5.3.2 Weather. UAS managers and flightcrews at all times shall consider the expected weather conditions in the AO at the time of operations. [581] Many UAS cannot operate in inclement weather (e.g., high winds and precipitation or when the cloud layer is below the UAS's operating altitude).

5.3.3 Communication. UAS managers and flightcrews shall ensure effective command and control architecture is linked to the UAS. [582] Most UAS have a GCS, a tracking and control unit, a portable control station (PCS), and remote receiving stations. The UAS is manually controlled by a pilot from a control station or is programmed to fly independently under control of its autopilot. More than one control station may be used to increase the UAS's effective range or to control more than one UAS.

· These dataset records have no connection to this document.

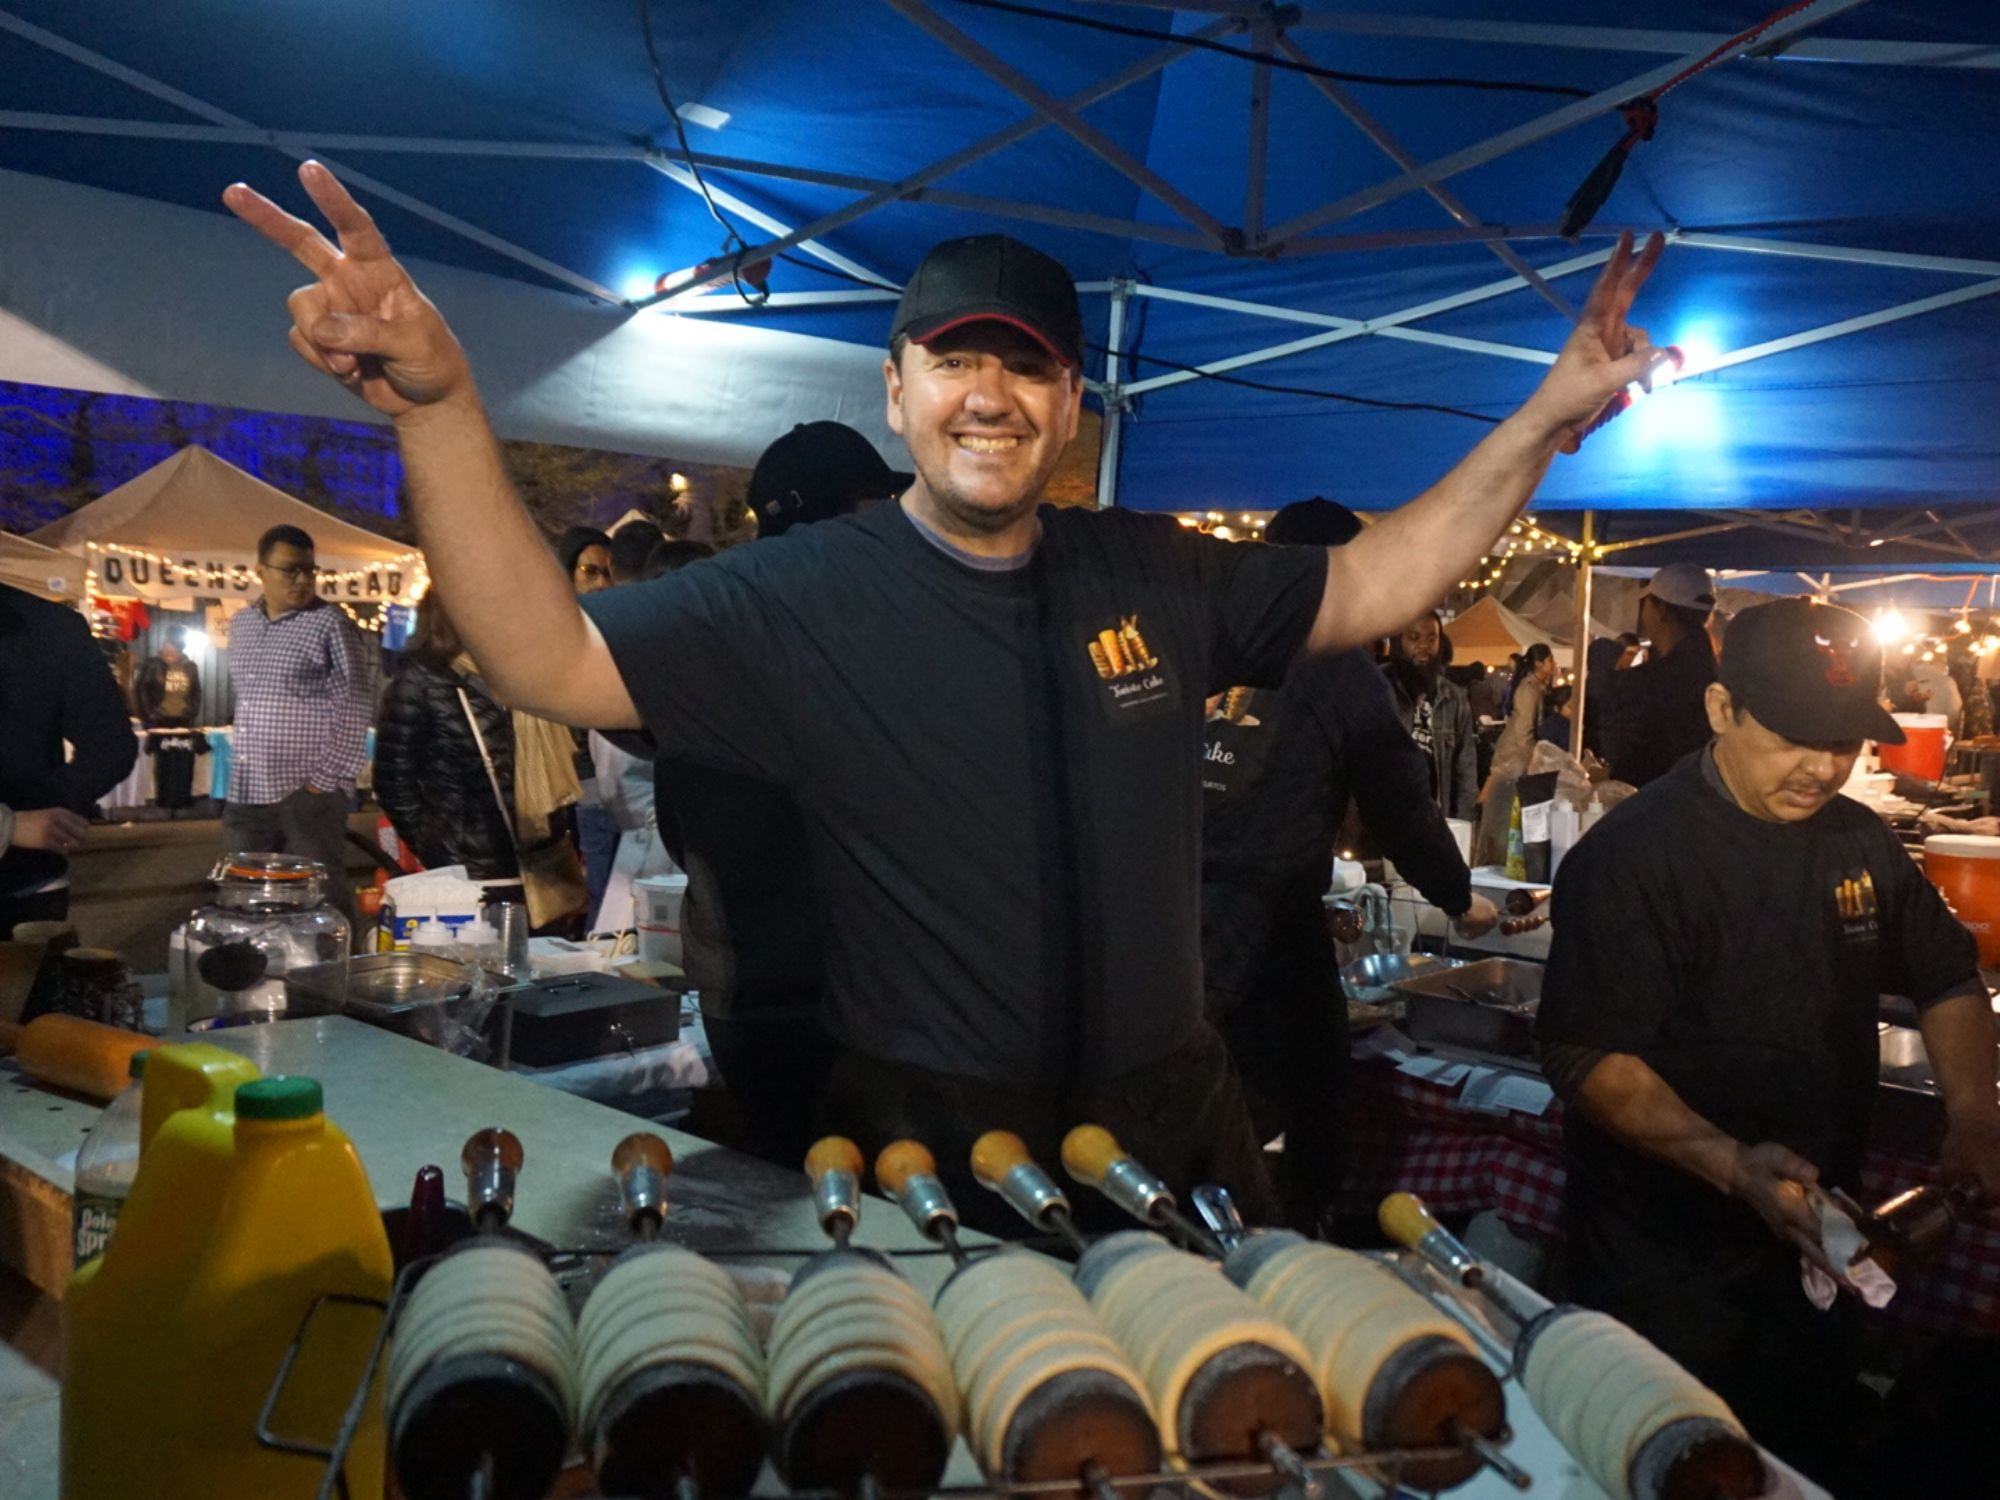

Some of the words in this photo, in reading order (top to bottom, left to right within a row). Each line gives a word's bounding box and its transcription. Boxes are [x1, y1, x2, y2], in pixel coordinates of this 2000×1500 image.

[105, 558, 249, 591] QUEENS
[321, 569, 402, 596] READ
[1202, 741, 1235, 765] ake
[82, 1208, 116, 1231] Pola
[76, 1228, 108, 1257] Spr

5.3.4 Mission Planning. UAS operations are conducted similarly to manned aviation operations. The mission planning process begins once the UAS has the authority to conduct the mission.

a. The UAS managers and the flightcrew shall study the assigned mission and plan for its operation. [583]

b. The maintenance crew shall begin preparation of the UAS and the UAS ground control system. [584]

c. Communications personnel shall ensure that the proper communication connectivity is provided to fulfill the mission. [585]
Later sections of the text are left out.